▸ **Your task**
Output every record exactly and leave each picture out.

▸ **Entries provided**
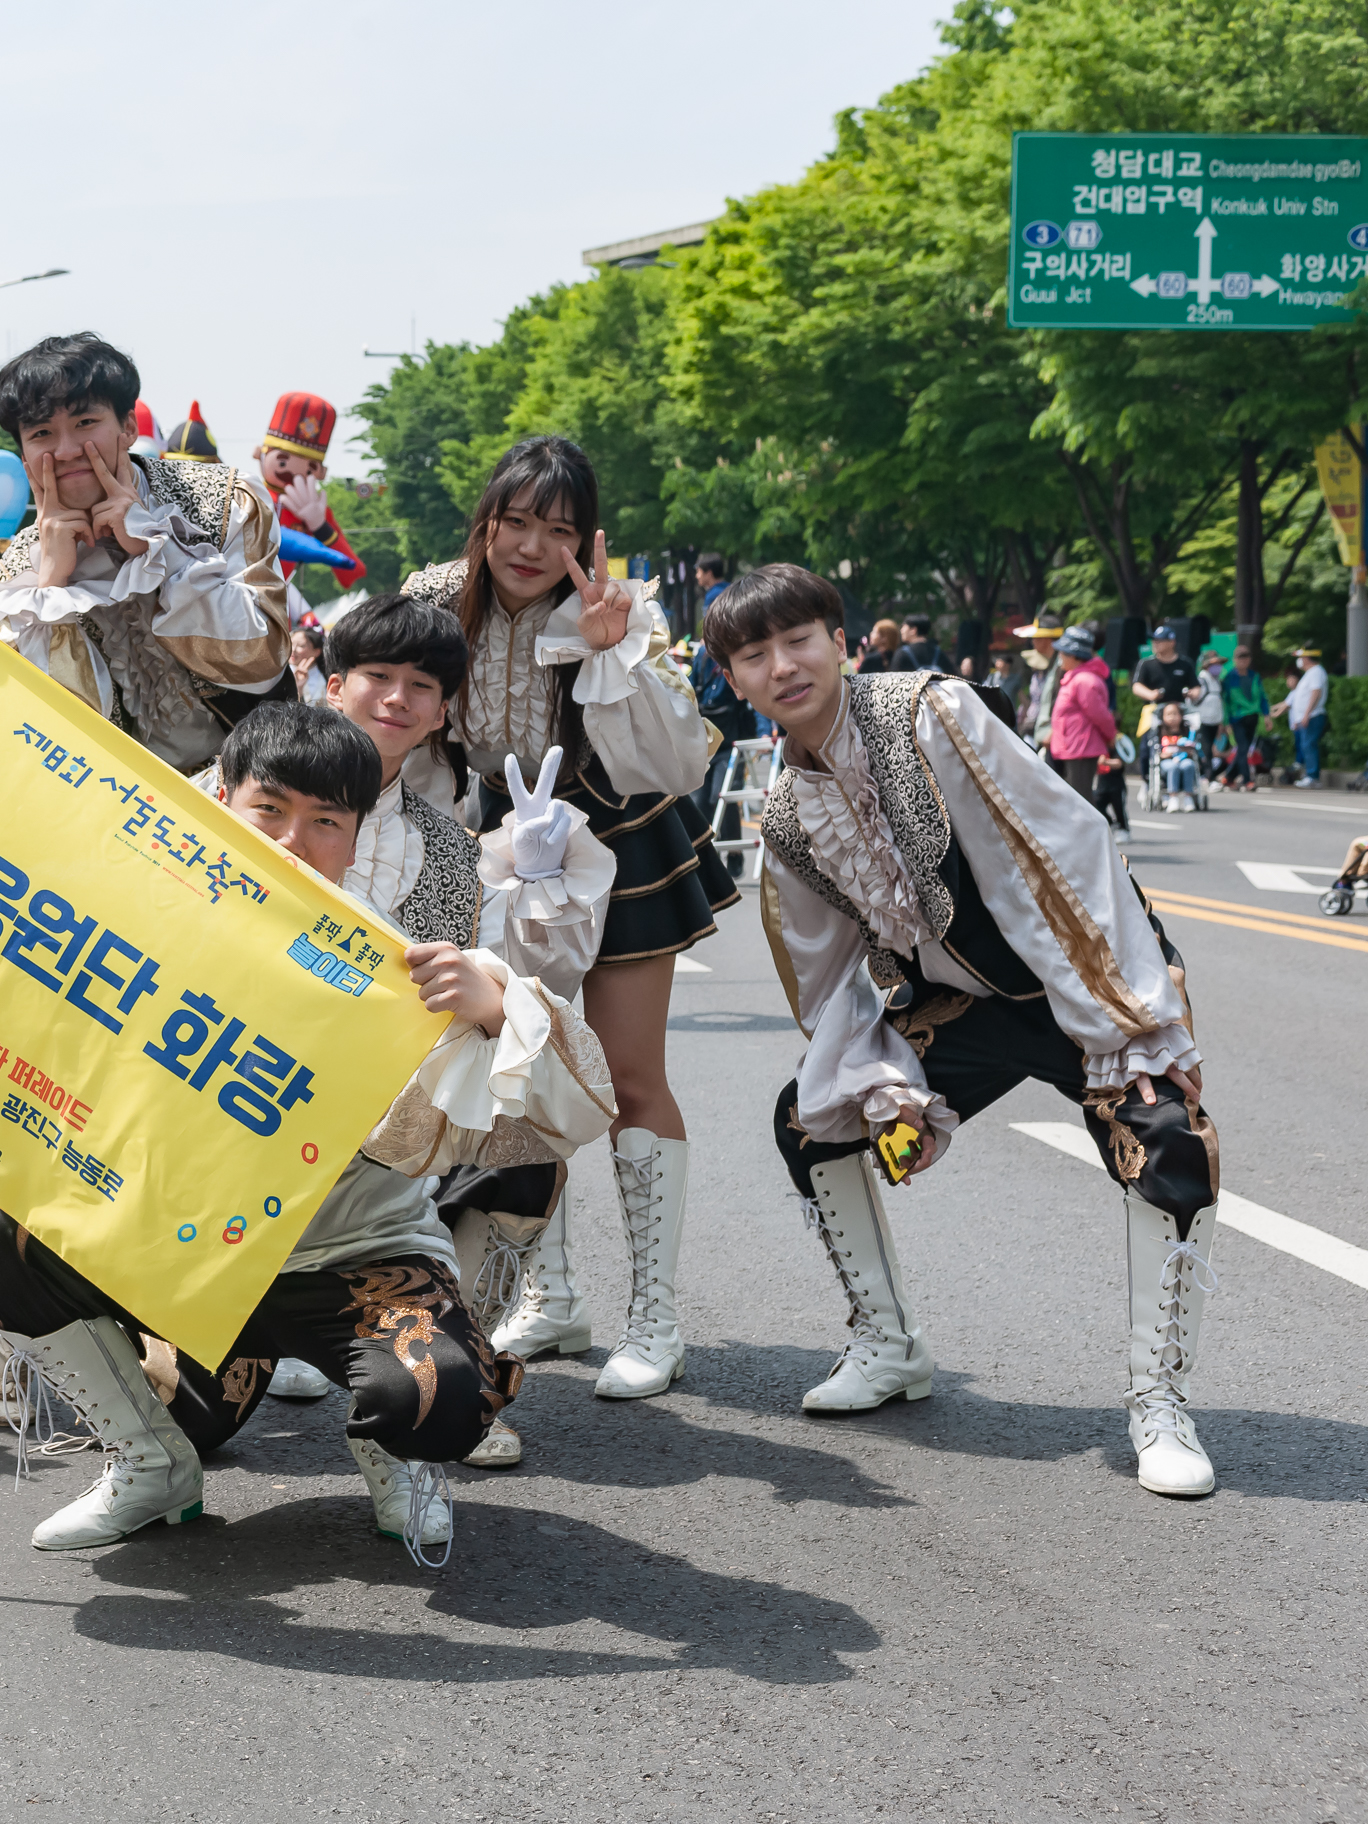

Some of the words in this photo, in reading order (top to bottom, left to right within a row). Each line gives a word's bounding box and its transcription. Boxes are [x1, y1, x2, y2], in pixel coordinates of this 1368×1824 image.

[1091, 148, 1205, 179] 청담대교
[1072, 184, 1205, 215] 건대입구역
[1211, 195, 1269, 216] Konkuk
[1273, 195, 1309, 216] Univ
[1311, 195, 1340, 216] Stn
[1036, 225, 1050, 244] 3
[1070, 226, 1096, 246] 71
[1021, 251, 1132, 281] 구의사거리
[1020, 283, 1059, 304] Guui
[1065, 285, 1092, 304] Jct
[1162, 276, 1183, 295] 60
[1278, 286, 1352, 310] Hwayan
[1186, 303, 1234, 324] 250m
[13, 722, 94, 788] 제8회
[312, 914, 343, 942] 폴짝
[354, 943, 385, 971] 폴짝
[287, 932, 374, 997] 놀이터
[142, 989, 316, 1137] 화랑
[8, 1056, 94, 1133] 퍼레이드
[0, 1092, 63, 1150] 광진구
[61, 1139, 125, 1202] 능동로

▸ **Solution for this exercise**
Some of the words in this photo, in reading order (top to bottom, left to right within a row). Each line gives a word's bounding box and its transcription. Boxes are [x1, y1, x2, y2], in pixel coordinates of this 1368×1824 image.

[1091, 148, 1205, 179] 청담대교
[1072, 184, 1205, 215] 건대입구역
[1211, 195, 1269, 216] Konkuk
[1273, 195, 1309, 216] Univ
[1311, 195, 1340, 216] Stn
[1036, 225, 1050, 244] 3
[1070, 226, 1096, 246] 71
[1021, 251, 1132, 281] 구의사거리
[1020, 283, 1059, 304] Guui
[1065, 285, 1092, 304] Jct
[1162, 276, 1183, 295] 60
[1278, 286, 1352, 310] Hwayan
[1186, 303, 1234, 324] 250m
[13, 722, 94, 788] 제8회
[312, 914, 343, 942] 폴짝
[354, 943, 385, 971] 폴짝
[287, 932, 374, 997] 놀이터
[142, 989, 316, 1137] 화랑
[8, 1056, 94, 1133] 퍼레이드
[0, 1092, 63, 1150] 광진구
[61, 1139, 125, 1202] 능동로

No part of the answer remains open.